Copy every entry verbatim and skip the pictures.
** Opening Dataset records block **
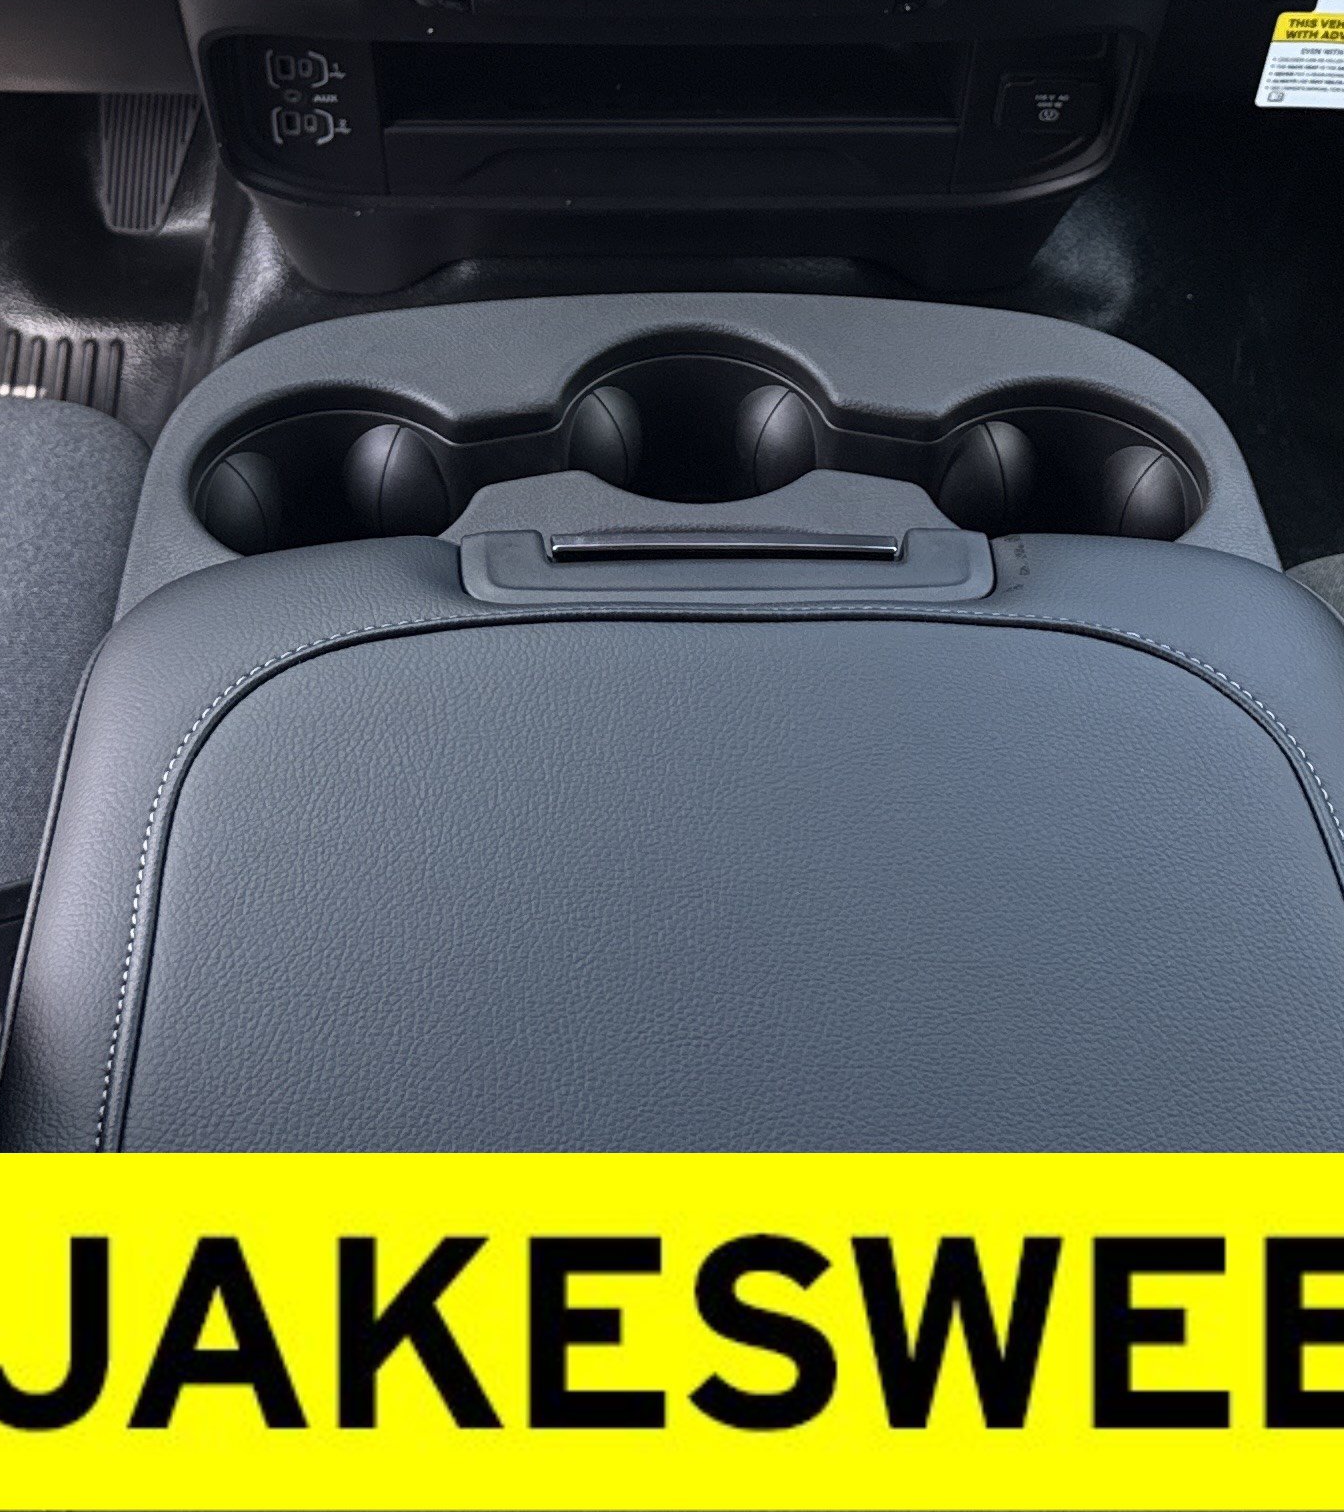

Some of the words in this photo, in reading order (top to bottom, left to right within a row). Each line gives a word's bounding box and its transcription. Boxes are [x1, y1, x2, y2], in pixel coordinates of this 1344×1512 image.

[1288, 18, 1318, 29] THIS
[1285, 29, 1318, 40] WITH
[312, 93, 338, 104] AUX
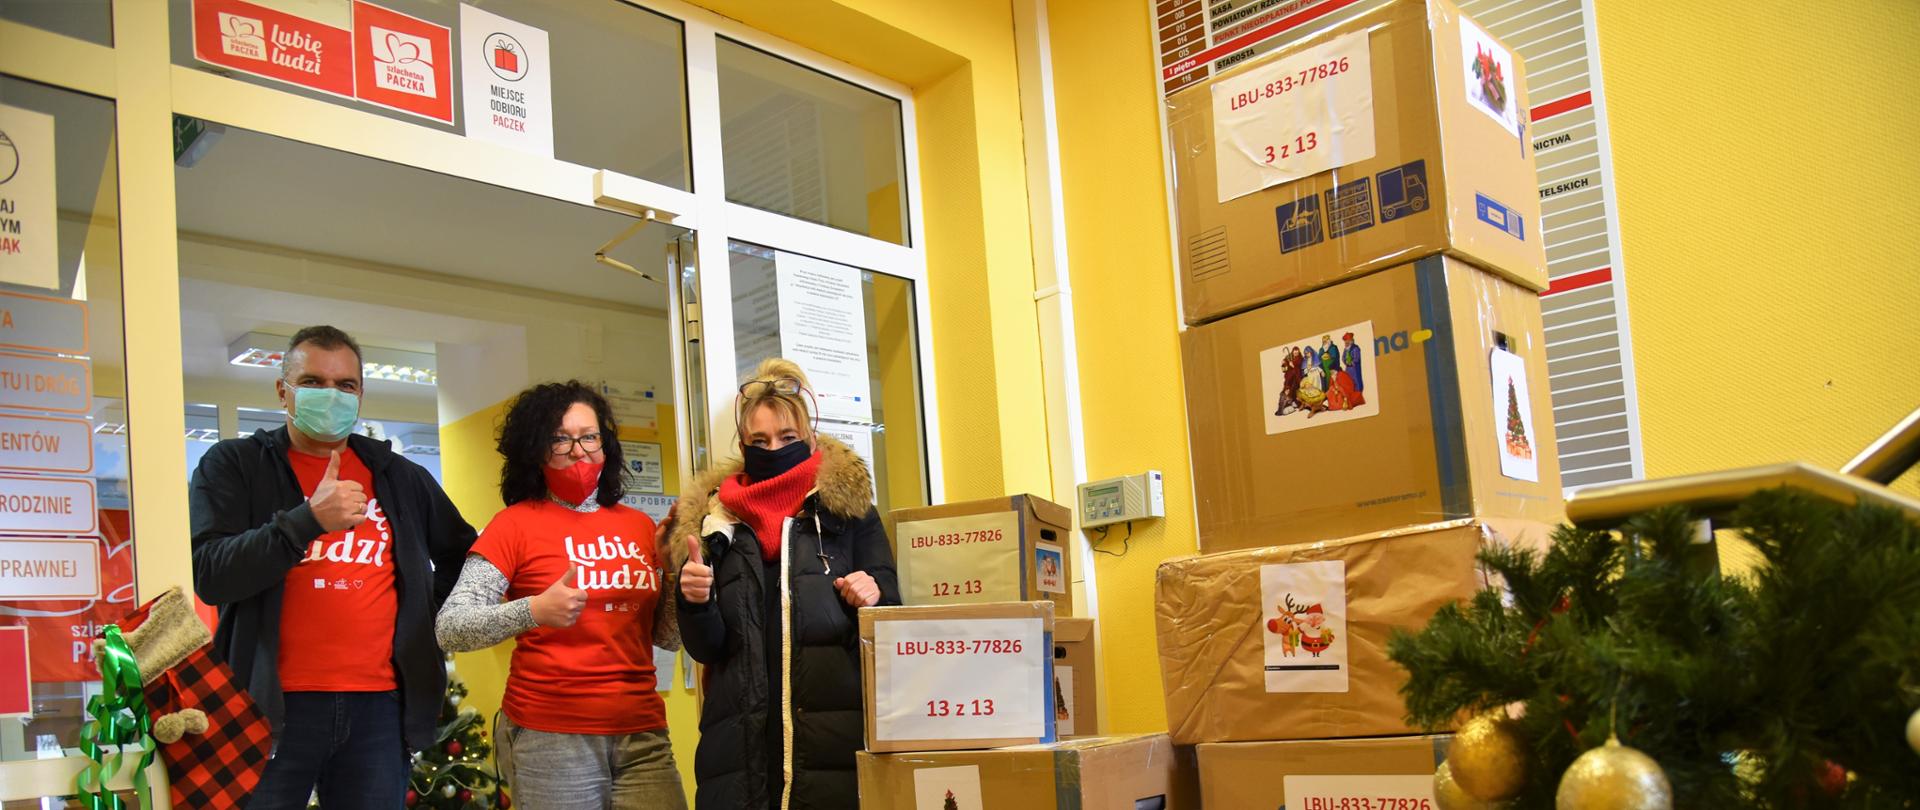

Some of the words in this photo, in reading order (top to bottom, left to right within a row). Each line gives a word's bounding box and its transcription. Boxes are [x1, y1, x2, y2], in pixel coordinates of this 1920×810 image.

[1212, 3, 1232, 16] KASA
[1212, 5, 1258, 29] POWIATOWY
[271, 24, 322, 58] Lubię
[272, 48, 321, 75] ludzi
[1216, 49, 1254, 69] STAROSTA
[386, 64, 425, 82] szlachetna
[386, 73, 425, 93] PACZKA
[490, 84, 525, 104] MIEJSCE
[1231, 57, 1349, 111] LBU-833-77826
[490, 99, 527, 119] ODBIORU
[493, 114, 525, 133] PACZEK
[1265, 146, 1275, 163] 3
[1281, 145, 1289, 159] z
[1296, 132, 1317, 154] 13
[1539, 178, 1588, 198] TELSKICH
[1, 430, 60, 453] ENTÓW
[0, 494, 72, 514] RODZINIE
[640, 496, 675, 506] POBRA
[911, 529, 1002, 548] LBU-833-77826
[300, 531, 389, 567] udzi
[564, 535, 648, 567] Lubię
[1, 559, 77, 578] PRAWNEJ
[577, 564, 657, 591] ludzi
[933, 582, 949, 597] 12
[953, 585, 961, 595] z
[964, 580, 982, 594] 13
[896, 639, 1022, 655] LBU-833-77826
[927, 700, 950, 717] 13
[956, 703, 965, 716] z
[971, 699, 994, 716] 13
[1304, 797, 1430, 810] LBU-833-77826
** Closing Dataset records block **
◆ **Response to the exercise**
Some of the words in this photo, in reading order (top to bottom, left to right within a row). Each line gives a word's bounding box and its transcription. Boxes are [x1, y1, x2, y2], in pixel coordinates of this 1344×1512 image.

[1288, 18, 1318, 29] THIS
[1285, 29, 1318, 40] WITH
[312, 93, 338, 104] AUX

Some of the words in this photo, in reading order (top to bottom, left to right within a row). Each line gives a word's bounding box and its transcription. Boxes are [x1, y1, x2, y2], in pixel coordinates of this 1920×810 image.

[1212, 3, 1232, 16] KASA
[1212, 5, 1258, 29] POWIATOWY
[271, 24, 322, 58] Lubię
[272, 48, 321, 75] ludzi
[1216, 49, 1254, 69] STAROSTA
[386, 64, 425, 82] szlachetna
[386, 73, 425, 93] PACZKA
[490, 84, 525, 104] MIEJSCE
[1231, 57, 1349, 111] LBU-833-77826
[490, 99, 527, 119] ODBIORU
[493, 114, 525, 133] PACZEK
[1265, 146, 1275, 163] 3
[1281, 145, 1289, 159] z
[1296, 132, 1317, 154] 13
[1539, 178, 1588, 198] TELSKICH
[1, 430, 60, 453] ENTÓW
[0, 494, 72, 514] RODZINIE
[640, 496, 675, 506] POBRA
[911, 529, 1002, 548] LBU-833-77826
[300, 531, 389, 567] udzi
[564, 535, 648, 567] Lubię
[1, 559, 77, 578] PRAWNEJ
[577, 564, 657, 591] ludzi
[933, 582, 949, 597] 12
[953, 585, 961, 595] z
[964, 580, 982, 594] 13
[896, 639, 1022, 655] LBU-833-77826
[927, 700, 950, 717] 13
[956, 703, 965, 716] z
[971, 699, 994, 716] 13
[1304, 797, 1430, 810] LBU-833-77826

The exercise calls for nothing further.